Four days into an intense public planning permission hearing last week in Portlaoise, the State-owned company’s technical manager, Mark Norton, confirmed the potential use, under questioning by David Malone of the Environmental Action Alliance Ireland.
“It is correct, we are obliged to connect any application, whether for demand or for renewable, but we have no applications at the moment,” he said.
The semi-state company has applied to An Bord Pleanála to build an electrical substation of unspecified size near Ratheniska, and to install a network of overhead powerlines, connecting to Kilkenny, Portlaoise and Athy, with capacity for future unspecified connections.
Coillte are seeking to built an 18 turbine windfarm near the site, and are appealing a council rejection of their plan.
The Laois Kilkenny Reinforcement Project is part of a nationwide €3.2bn network upgrade that Eirgrid plan to complete by 2025, with this section being necessary by 2016. Eigrid say this is needed to ensure a safe, secure electricity supply for the future.
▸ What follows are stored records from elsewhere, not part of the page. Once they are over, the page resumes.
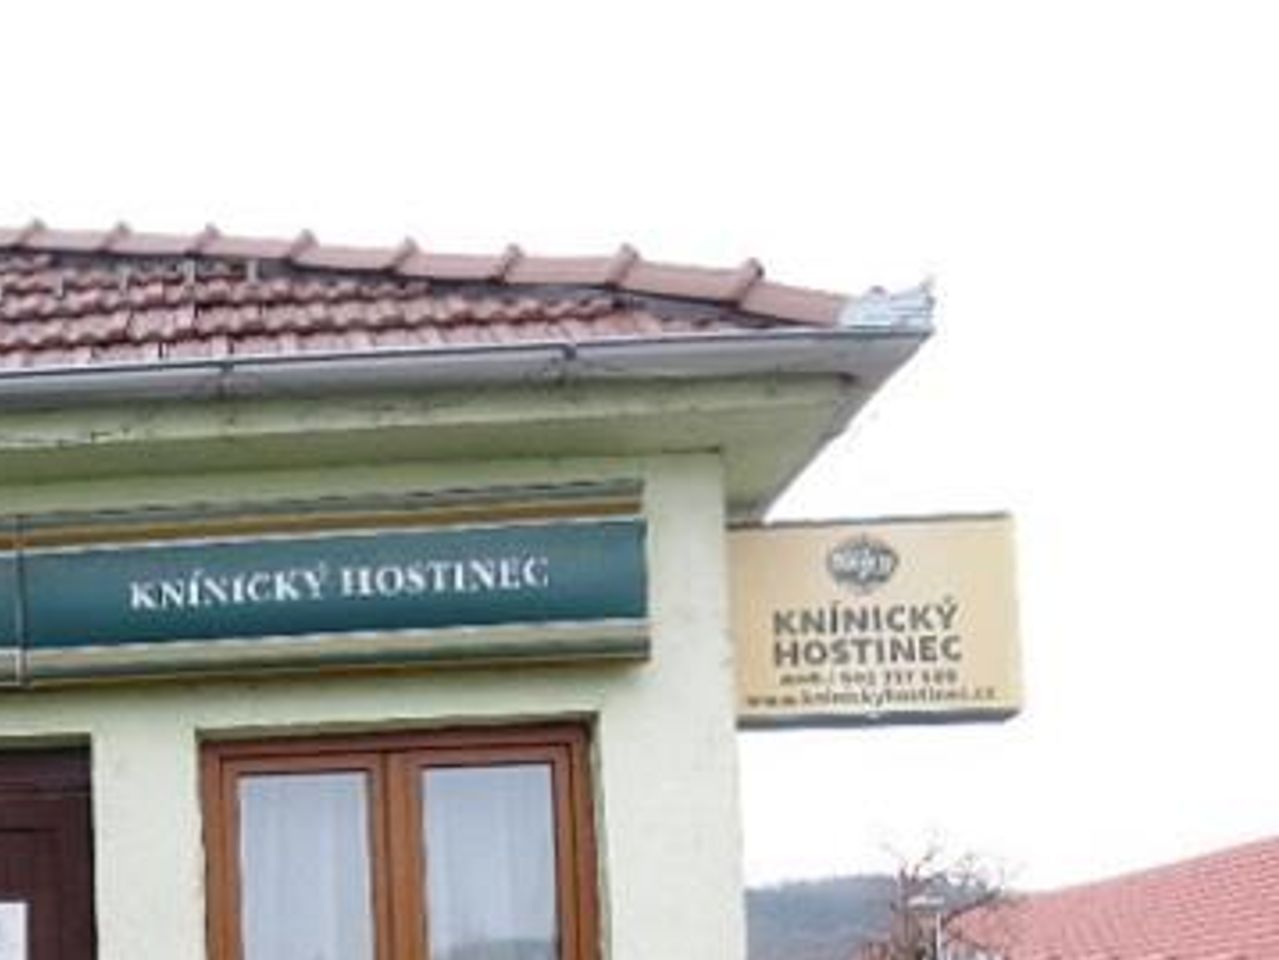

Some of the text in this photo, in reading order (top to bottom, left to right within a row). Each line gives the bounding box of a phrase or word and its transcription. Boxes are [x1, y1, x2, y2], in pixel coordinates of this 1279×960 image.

[129, 556, 549, 610] KNÍNICKÝ HOSTINEC
[773, 595, 959, 636] KNÍNICKÝ
[774, 635, 963, 668] HOSTINEC
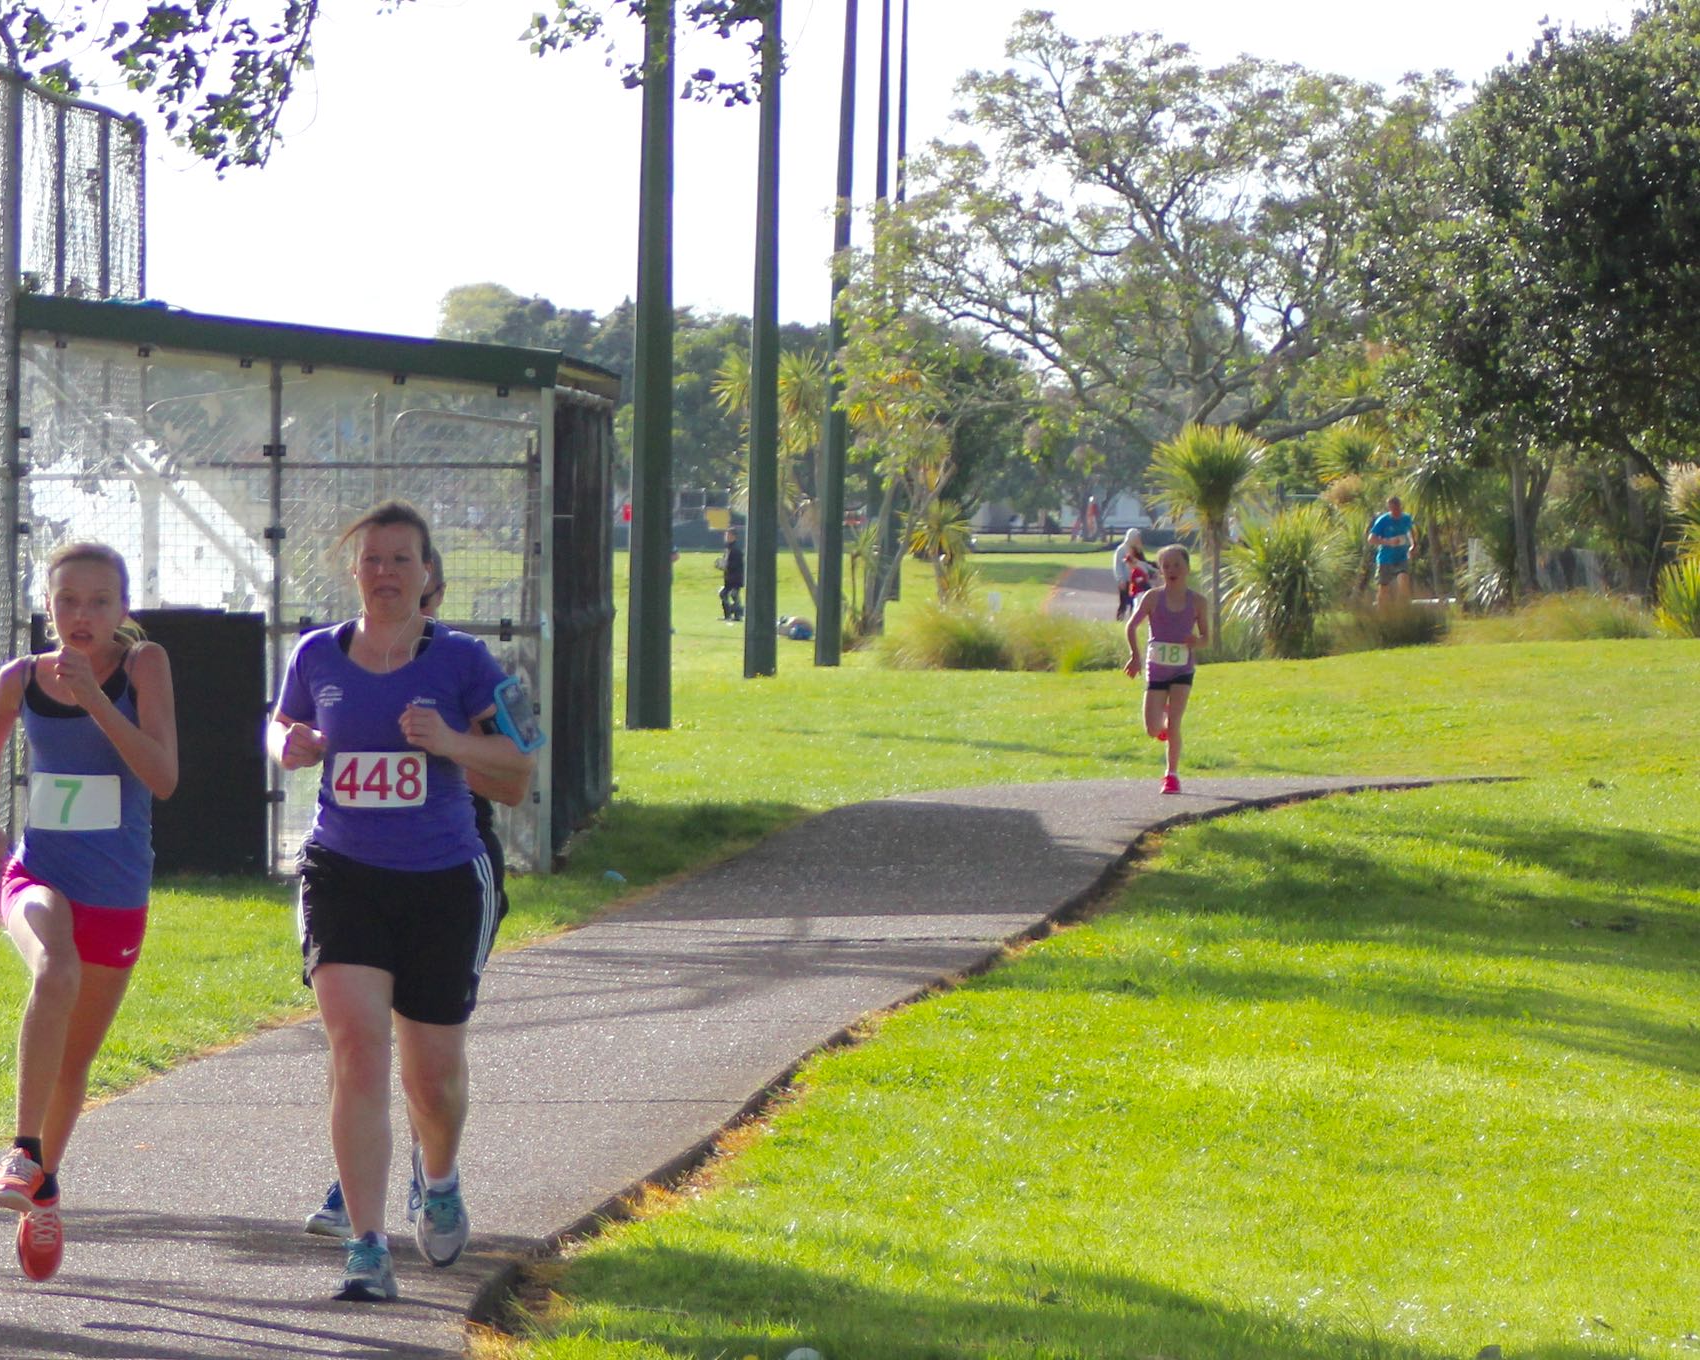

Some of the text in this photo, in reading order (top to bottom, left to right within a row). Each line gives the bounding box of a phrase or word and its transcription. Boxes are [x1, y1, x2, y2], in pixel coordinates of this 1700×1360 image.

[1157, 644, 1180, 664] 18
[334, 756, 422, 801] 448
[54, 779, 83, 824] 7
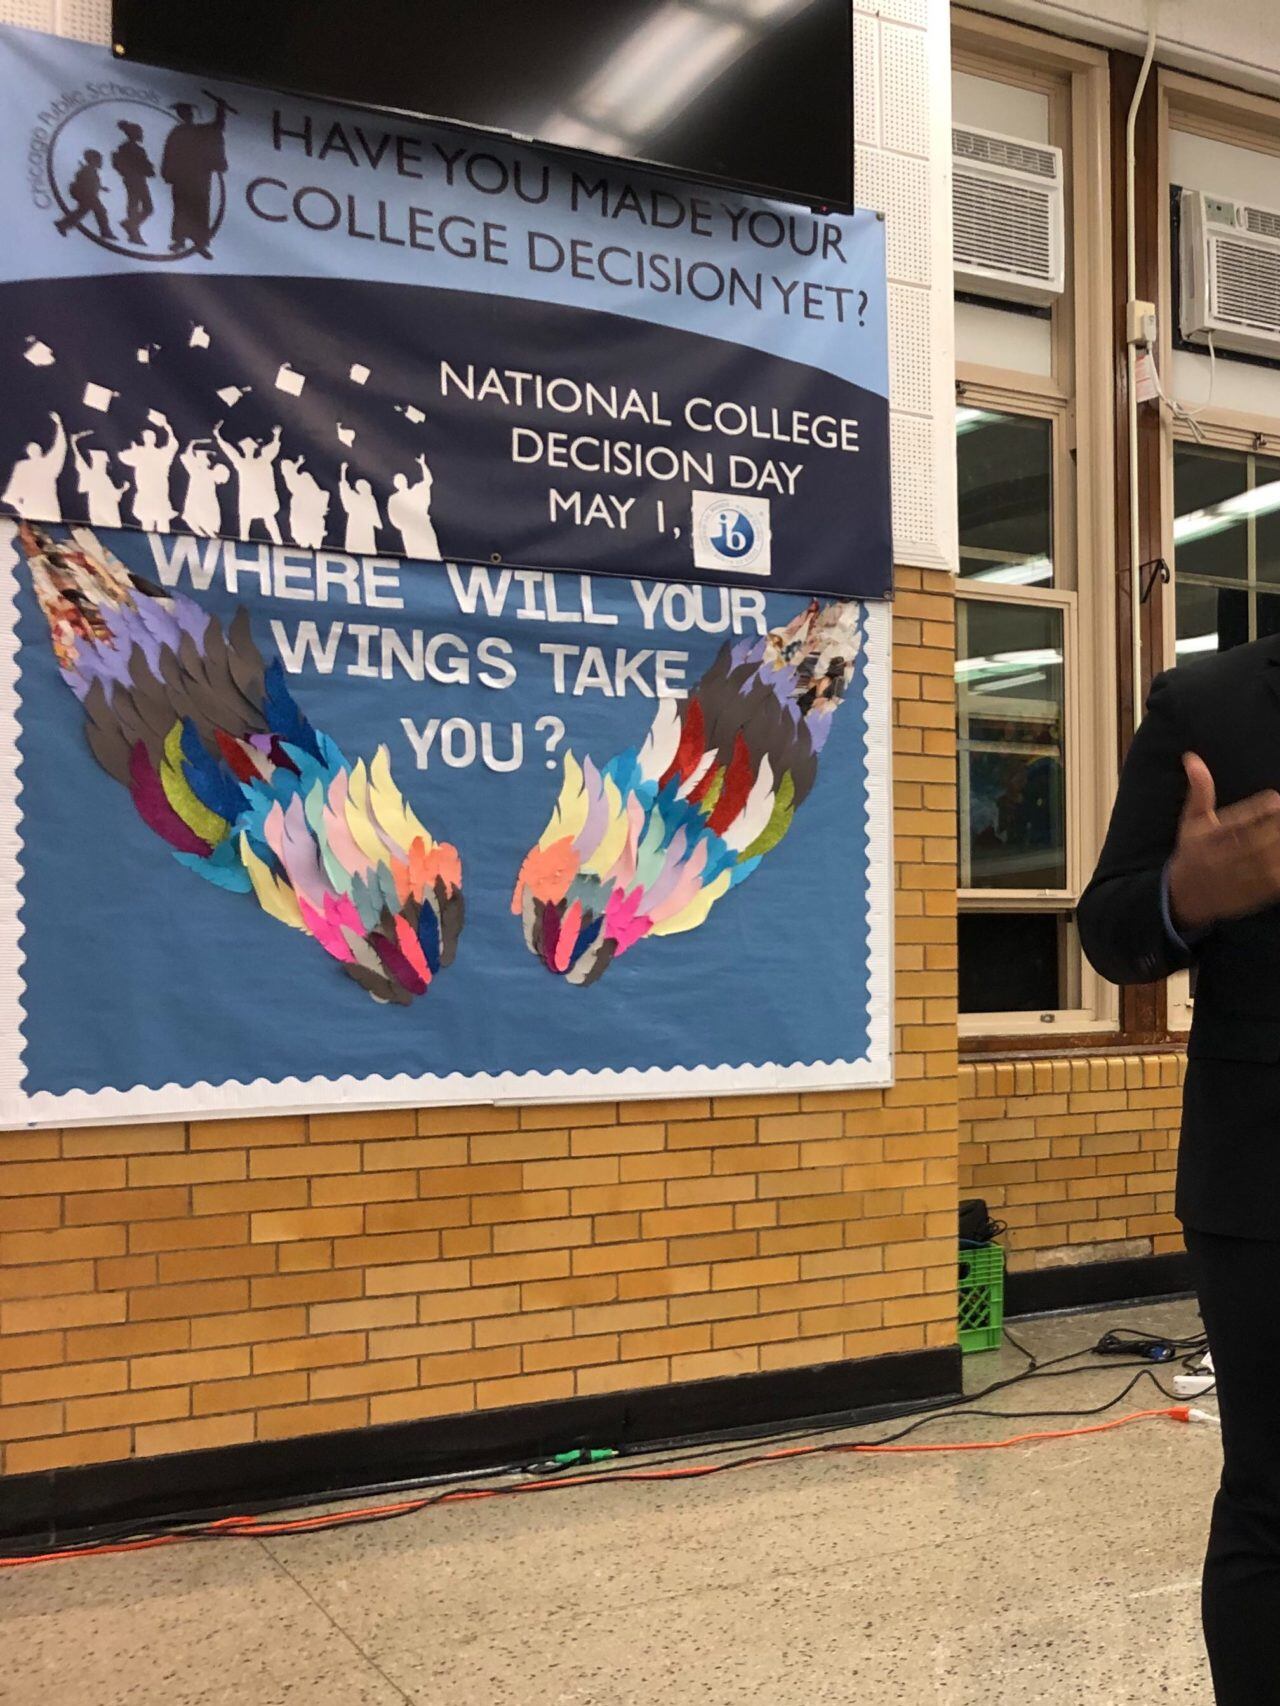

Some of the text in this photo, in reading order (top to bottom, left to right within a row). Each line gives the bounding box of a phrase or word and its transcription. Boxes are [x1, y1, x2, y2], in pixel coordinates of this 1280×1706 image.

[272, 109, 847, 264] HAVE YOU MADE YOUR
[245, 176, 869, 328] COLLEGE DECISION YET?
[440, 360, 861, 452] NATIONAL COLLEGE
[511, 427, 804, 496] DECISION DAY
[548, 488, 636, 530] MAY
[656, 500, 682, 540] 1,
[147, 531, 768, 637] WHERE WILL YOUR
[269, 619, 690, 700] WINGS TAKE
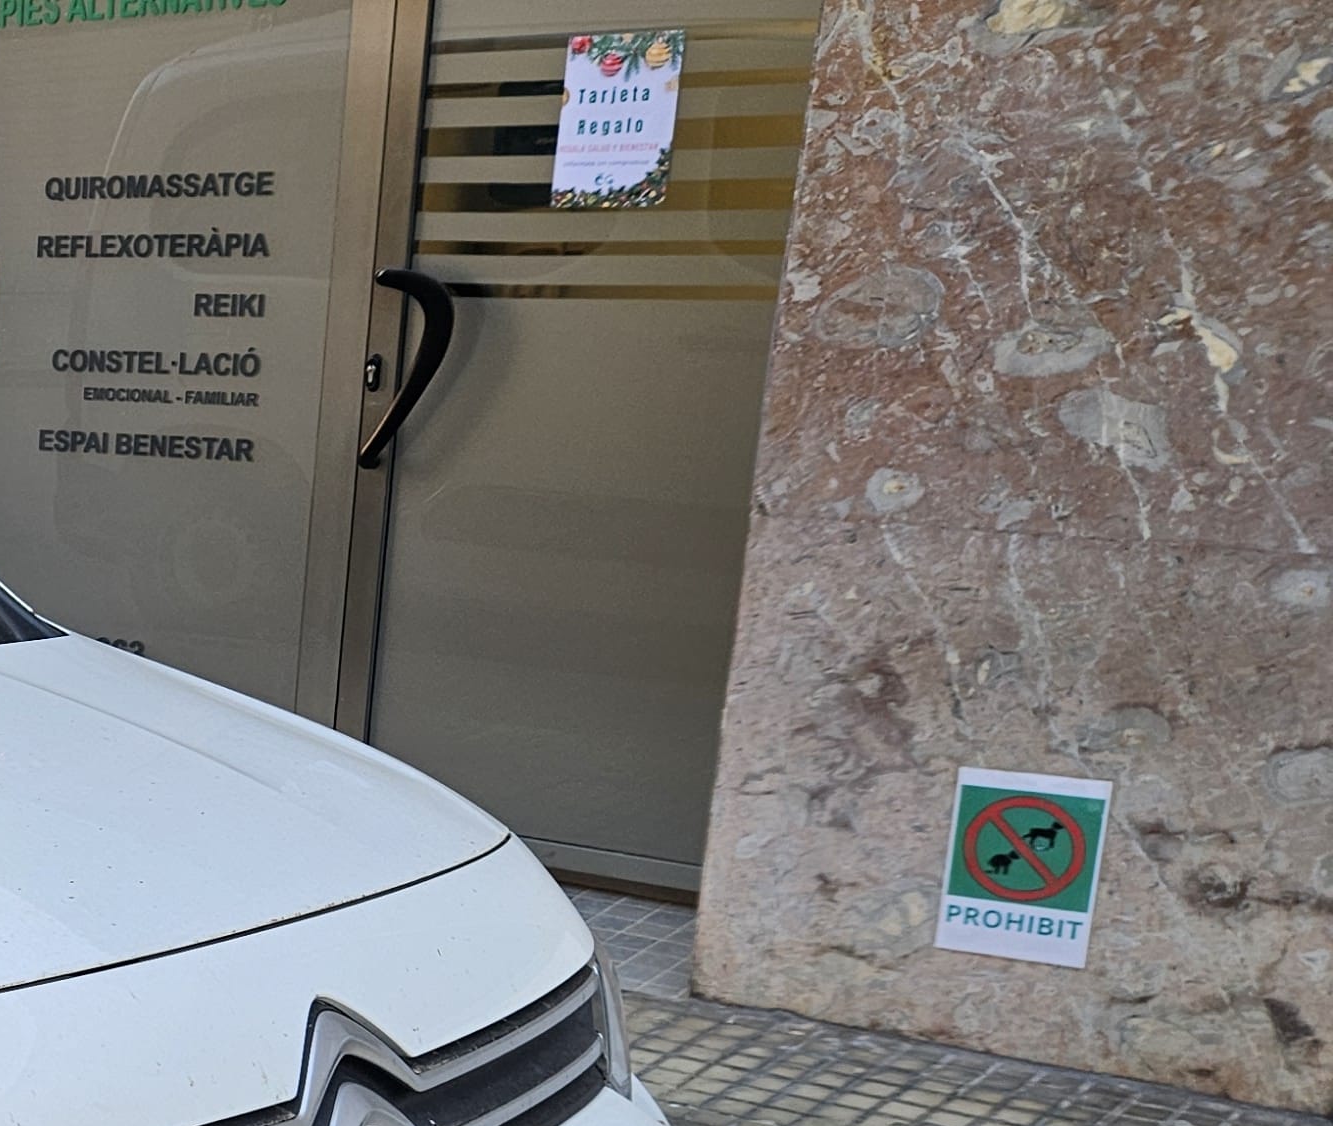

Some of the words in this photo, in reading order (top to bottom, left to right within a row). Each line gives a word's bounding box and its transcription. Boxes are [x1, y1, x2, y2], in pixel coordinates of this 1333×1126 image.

Eirgrid spent most of the first two days explaining the project, and the studies they conducted to prove Coolnabacca is the right location, and will not harm the ecology, heritage, water quality, soil or health of residents.
Angry Ratheniska residents and politicians including Deputy Sean Fleming and Senator John Whelan, challenged Eirgrid on many points, including their lack of public consultation up to the time of the hearing, the lack of an Environmental Impact Statement with their initial application, and missing information from their Non-Technical Summary.
Ballyroan shopkeeper Ray Ryan noted a major flaw in Eirgrid’s water survey, showing that they measured groundwater depths during the dryest spell of the past two years, March 2012, and during the drought of last summer.
“One would have to be seriously concerned about their measurements. A substation is supposed to be built on Zone C land with a flood risk of once in 1,000 years.
“This field is called Lowry’s Bog, In my own yard in Coolnabacca, a flood caused four feet of water in the last 25 years, animals had to be rescued,” he said.
He noted that there were 14 wells in Coolnabacca.
“These wells were never mentioned in their application, despite my submissions,” he said.
He added that the proposal to put a holding tank instead of a septic tank at the station showed it was unsuitable.
“If this was a private house, it would probably not get permission,” Mr Ryan said.
The hearing, presided over by Inspector Andrew Boyle of An Bord Pleanála, will resume this Thursday November 14.